What you need to know
- Satellite connectivity on the iPhone 14 helped save a family from the wildfires in Hawaii.
- Several similar stories have been shared since the iPhone 14 debuted the feature, making Android users wonder when they can use it.
- T-Mobile and Starlink previously announced a satellite connectivity partnership that will launch with Android 14 later this Summer.
- Existing phones can use a Motorola Defy Satellite Link to get satellite connectivity right now.
If it weren't such a sensitive subject, it would make sense for Apple to jump on the opportunity to prove why iPhones are superior to Android phones in one key area. I'm talking about satellite connectivity, a new feature launched on the iPhone 14 and iPhone 14 Pro last fall, and it's been integral in helping rescue people in Hawaii as wildfires continue to ravage the island state.
Our sister site, iMore, detailed the harrowing story of a family suddenly caught in the midst of inescapable danger as they were fleeing the wildfires. As the family's car is surrounded by fire, they contacted emergency services via the iPhone's satellite connectivity feature and got rescued in 30 minutes.
While the story isn't a common one, similar accounts have been shared since the phones launched with the feature last fall, including hikers being rescued from canyons and other frightening situations.
Last September, Hiroshi Lockheimer, Google's senior vice president of platforms and ecosystems, revealed that satellite connectivity would be coming to Android 14. There are already examples of Android phones with satellite capability, but it's not as widespread or ubiquitous as it should be, with various proprietary methods in the works.
Android 14's final beta version just rolled out a few days ago, and while we haven't seen much of the new satellite connectivity, we do know that most Android phones on the market right now will likely only support the feature on certain carriers like T-Mobile with its Starlink partnership.
Mishaal Rahman notes that even the best Android phones won't be seeing satellite connectivity the moment Android 14 releases because the final API isn't yet ready. It's possible that the Pixel 8 will include the feature when it's expected to launch in October, but there's no guarantee.
Before then, however, you can actually buy a Motorola Defy Satellite Link that enables satellite connectivity on any phone you connect it to. It uses the Bullitt Satellite Messenger app to relay messages and location info over Bluetooth between your phone and the Defy Satellite Link.

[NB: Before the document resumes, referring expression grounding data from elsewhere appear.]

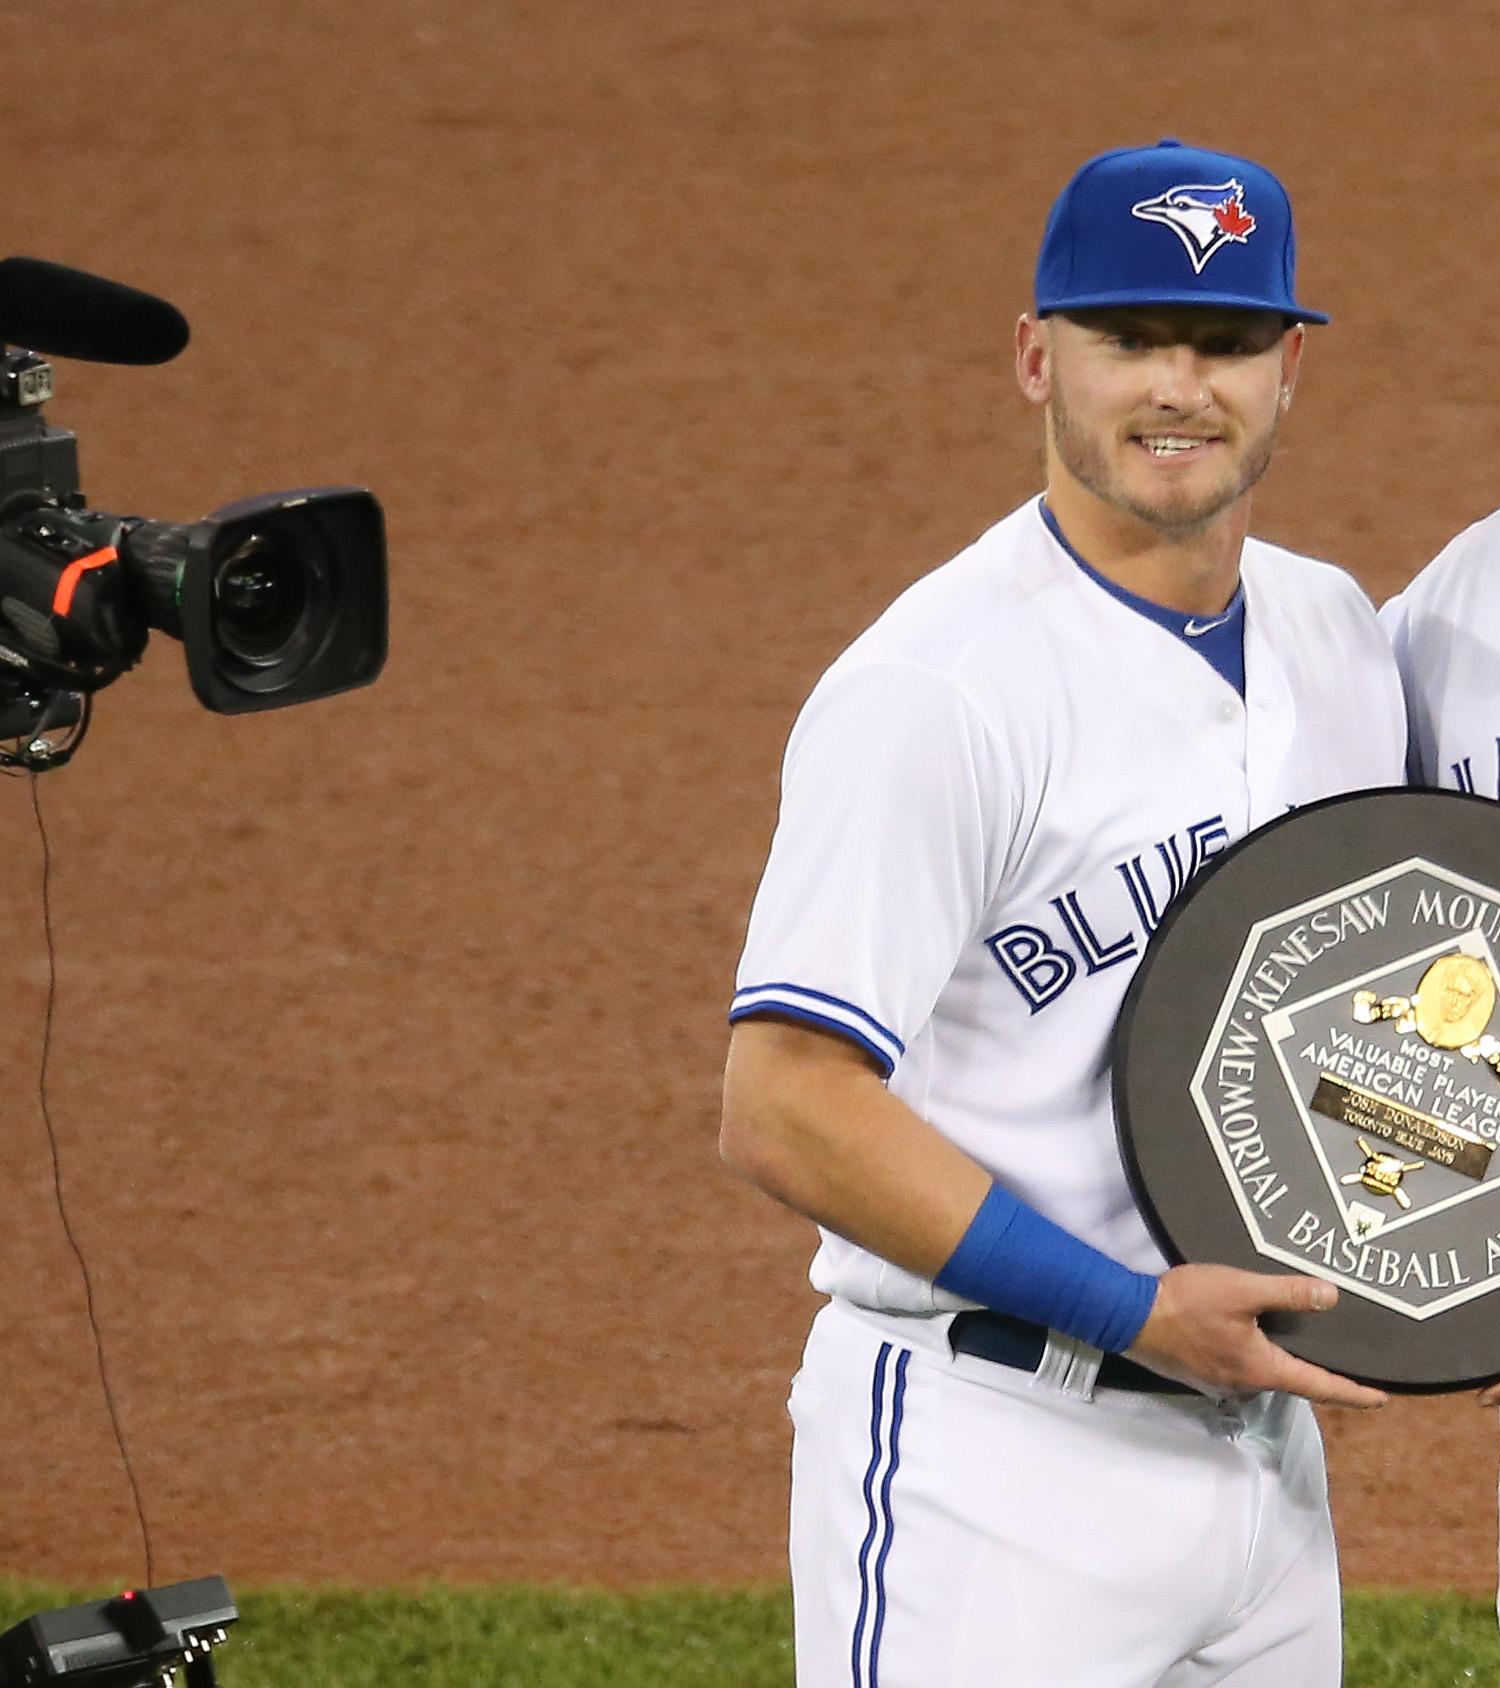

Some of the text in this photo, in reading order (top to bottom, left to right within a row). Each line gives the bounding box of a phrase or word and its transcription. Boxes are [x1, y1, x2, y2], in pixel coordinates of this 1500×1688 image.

[1242, 890, 1391, 1012] KENESAW
[1300, 1043, 1424, 1106] AMERICAN
[1330, 1027, 1428, 1084] VALUABLE
[1400, 1039, 1454, 1072] MOST
[1341, 1090, 1467, 1151] JOSH DONALDSON
[1343, 1109, 1456, 1165] TORONTO BLUE JAYS
[1217, 1018, 1289, 1219] MEMORIAL
[1287, 1210, 1471, 1289] BASEBALL
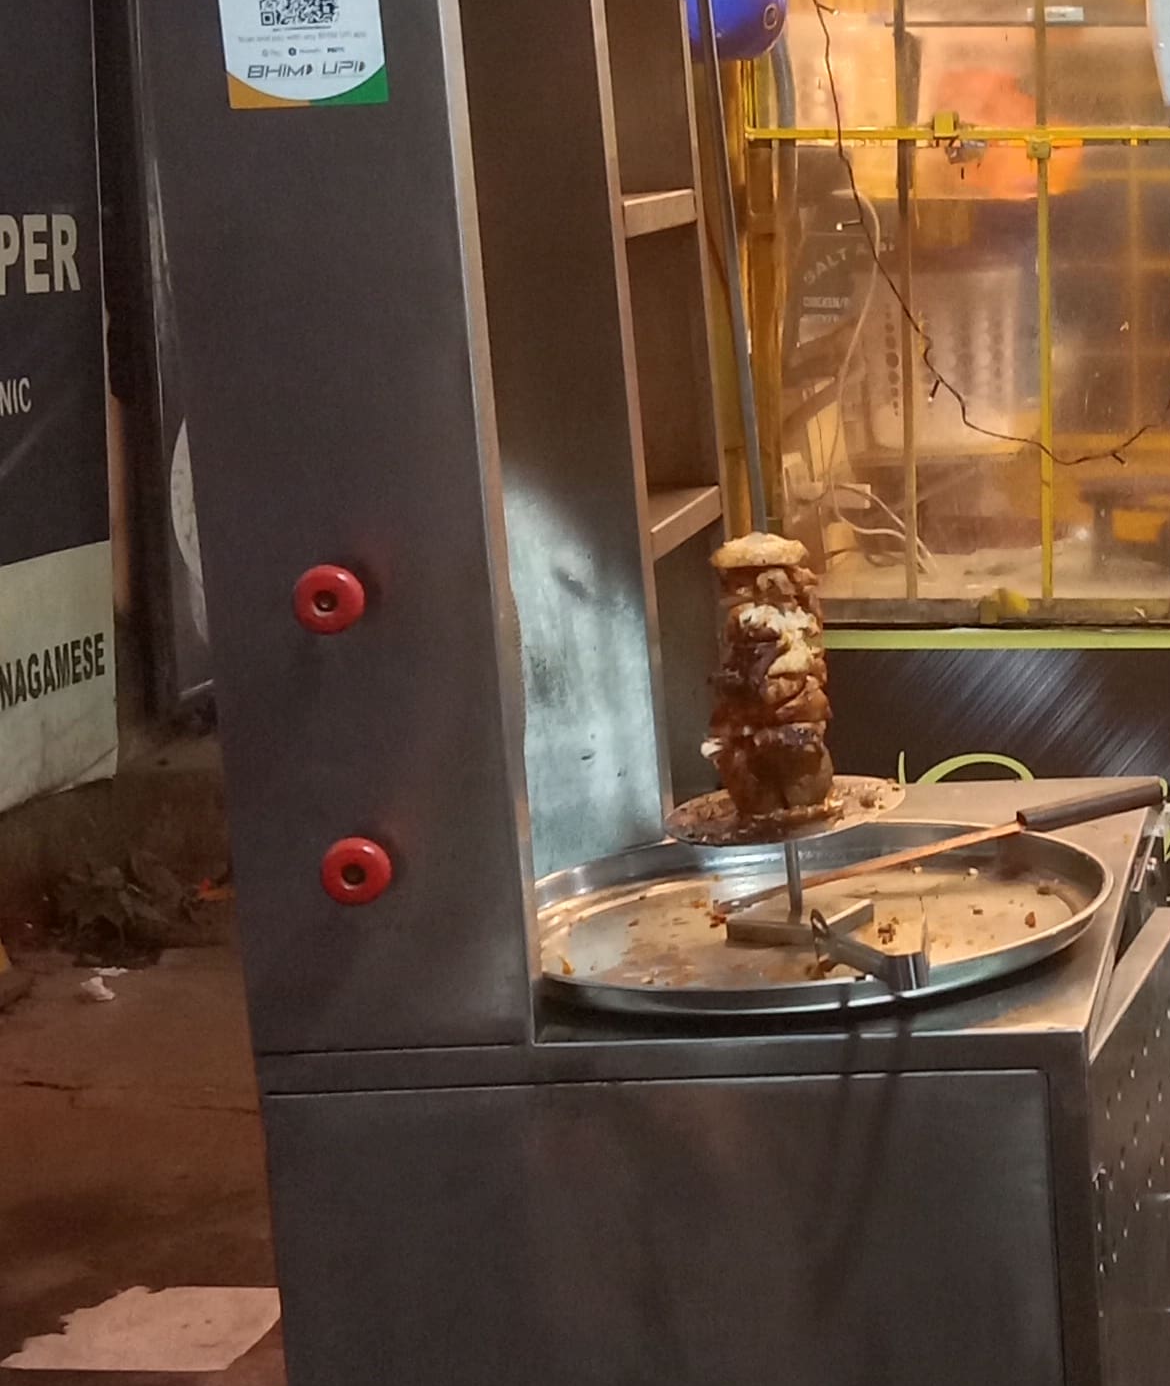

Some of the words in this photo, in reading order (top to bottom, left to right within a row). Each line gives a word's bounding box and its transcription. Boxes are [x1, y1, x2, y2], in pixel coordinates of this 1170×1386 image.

[0, 213, 81, 295] PER
[0, 377, 32, 417] NIC
[0, 632, 105, 712] NAGAMESE
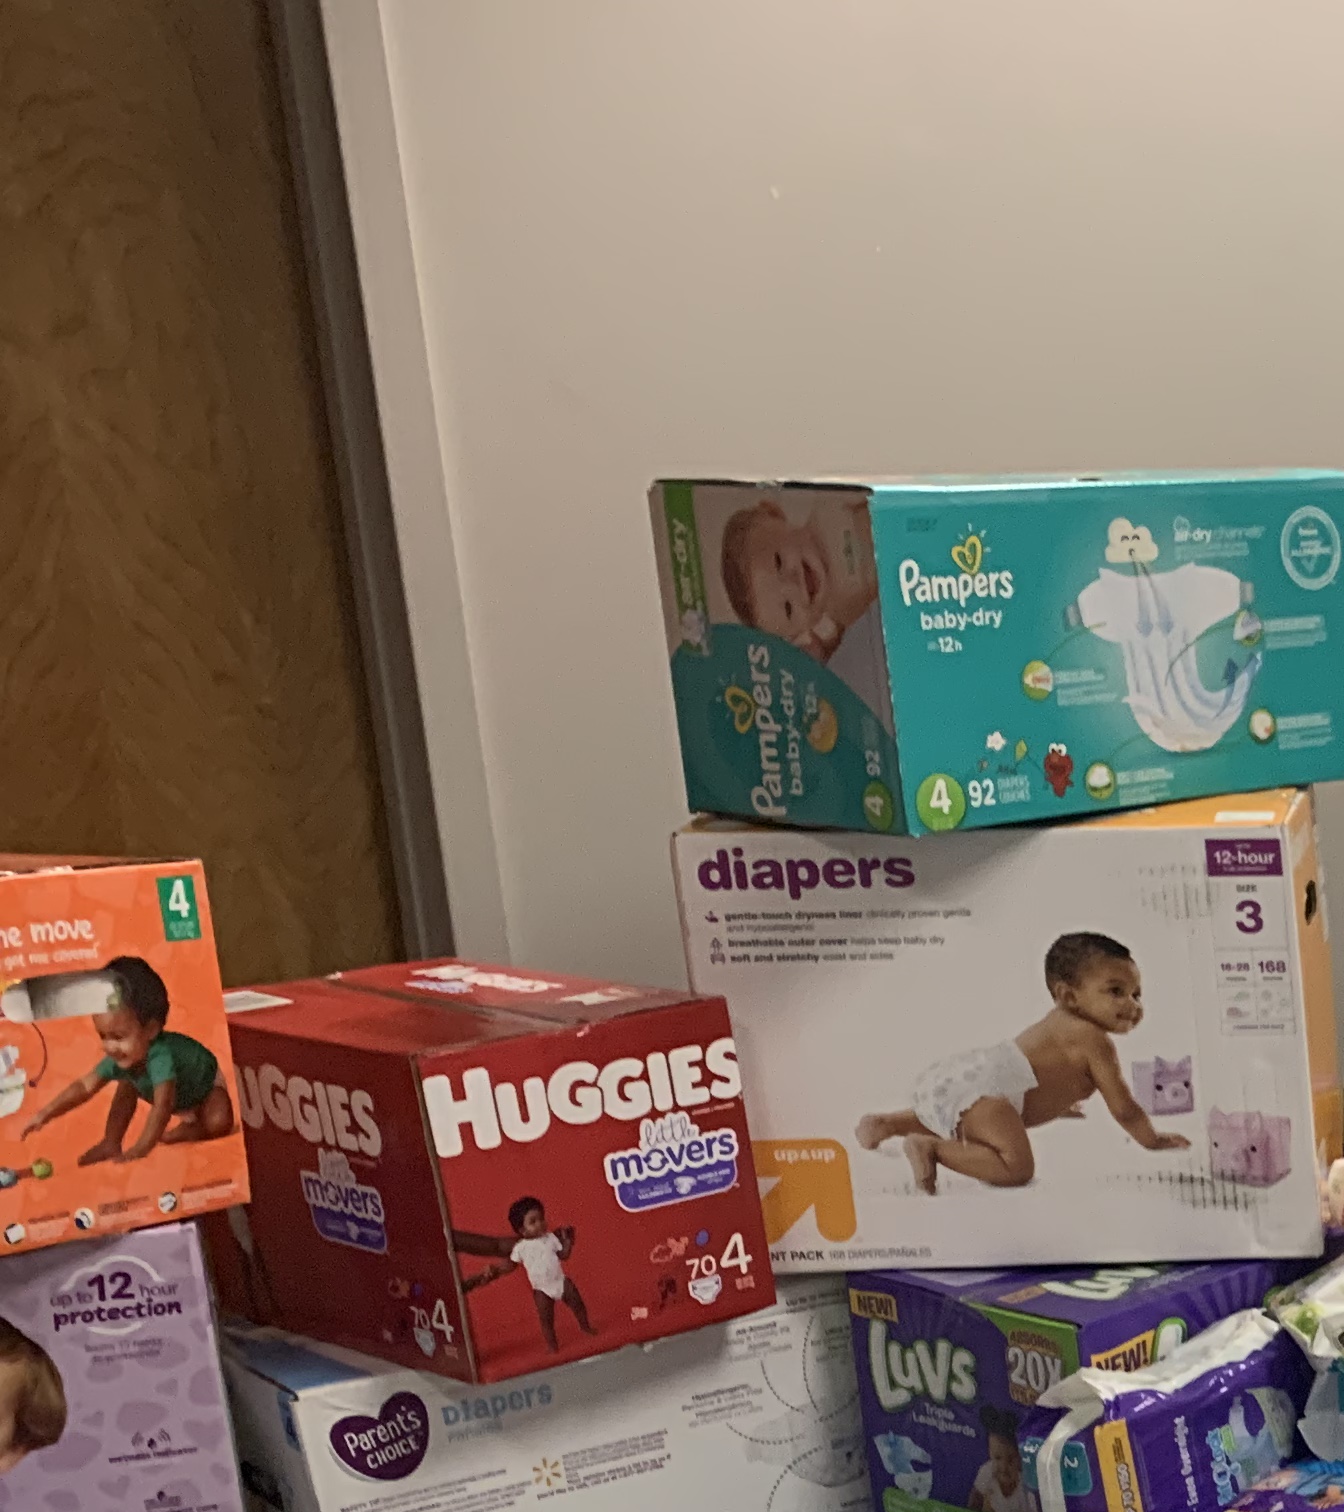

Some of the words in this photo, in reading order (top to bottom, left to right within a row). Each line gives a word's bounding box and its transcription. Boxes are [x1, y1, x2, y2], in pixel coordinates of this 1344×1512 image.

The Defy Satellite Link is a super ruggedized device that you can take anywhere and not have to worry about it. It's also got a handy keyring attached to it, so it's convenient to mount it where you need it.
We've got one in-house and are currently working on testing it, but for now, you can grab one at the link below if it interests you. We've also taken a look at which smartwatches you can trust in an emergency if you want to be extra sure in the most scary moments.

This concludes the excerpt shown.